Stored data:
....
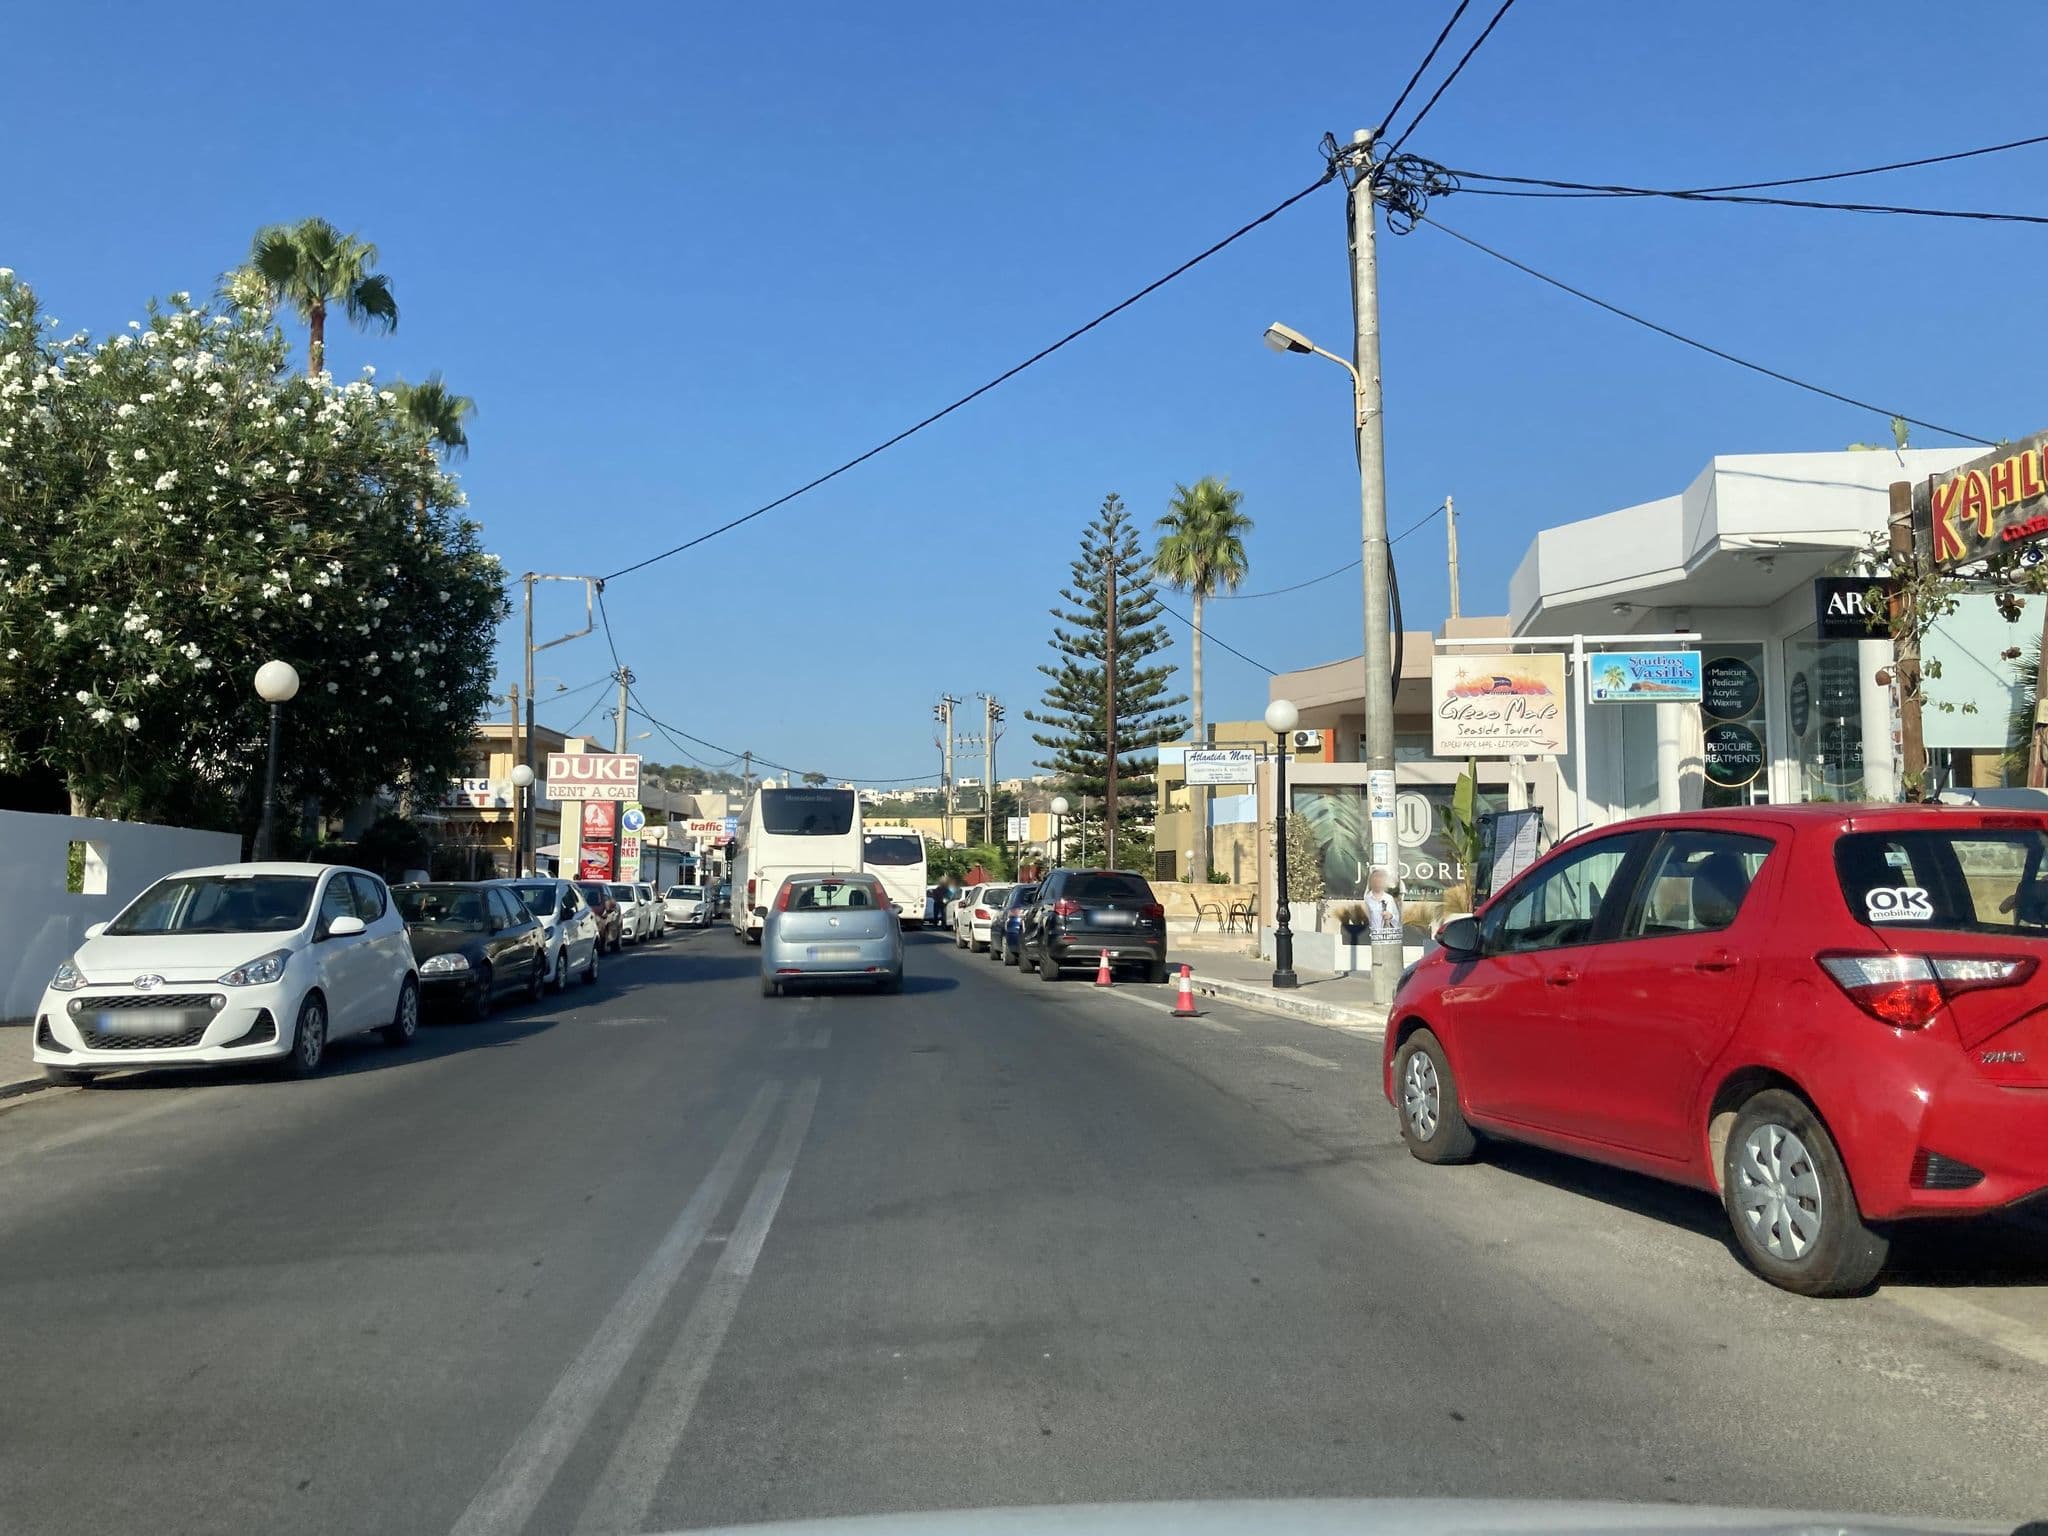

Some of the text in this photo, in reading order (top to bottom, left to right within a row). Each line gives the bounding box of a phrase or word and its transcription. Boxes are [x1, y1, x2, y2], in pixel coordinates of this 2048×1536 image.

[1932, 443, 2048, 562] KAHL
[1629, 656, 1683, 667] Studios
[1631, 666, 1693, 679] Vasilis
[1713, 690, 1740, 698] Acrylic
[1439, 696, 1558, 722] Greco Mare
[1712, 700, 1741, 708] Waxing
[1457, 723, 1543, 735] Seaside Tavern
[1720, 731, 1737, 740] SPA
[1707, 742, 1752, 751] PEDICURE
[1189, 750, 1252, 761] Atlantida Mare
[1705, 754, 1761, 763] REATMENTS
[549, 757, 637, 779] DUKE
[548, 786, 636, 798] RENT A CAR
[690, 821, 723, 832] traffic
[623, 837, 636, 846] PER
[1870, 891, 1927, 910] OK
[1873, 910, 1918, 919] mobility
....
■ What you will do:
Please output the records above exactly, without the pictures.

■ Solution to the exercise:
Some of the text in this photo, in reading order (top to bottom, left to right within a row). Each line gives the bounding box of a phrase or word and its transcription. Boxes are [x1, y1, x2, y2], in pixel coordinates of this 2048×1536 image.

[1932, 443, 2048, 562] KAHL
[1629, 656, 1683, 667] Studios
[1631, 666, 1693, 679] Vasilis
[1713, 690, 1740, 698] Acrylic
[1439, 696, 1558, 722] Greco Mare
[1712, 700, 1741, 708] Waxing
[1457, 723, 1543, 735] Seaside Tavern
[1720, 731, 1737, 740] SPA
[1707, 742, 1752, 751] PEDICURE
[1189, 750, 1252, 761] Atlantida Mare
[1705, 754, 1761, 763] REATMENTS
[549, 757, 637, 779] DUKE
[548, 786, 636, 798] RENT A CAR
[690, 821, 723, 832] traffic
[623, 837, 636, 846] PER
[1870, 891, 1927, 910] OK
[1873, 910, 1918, 919] mobility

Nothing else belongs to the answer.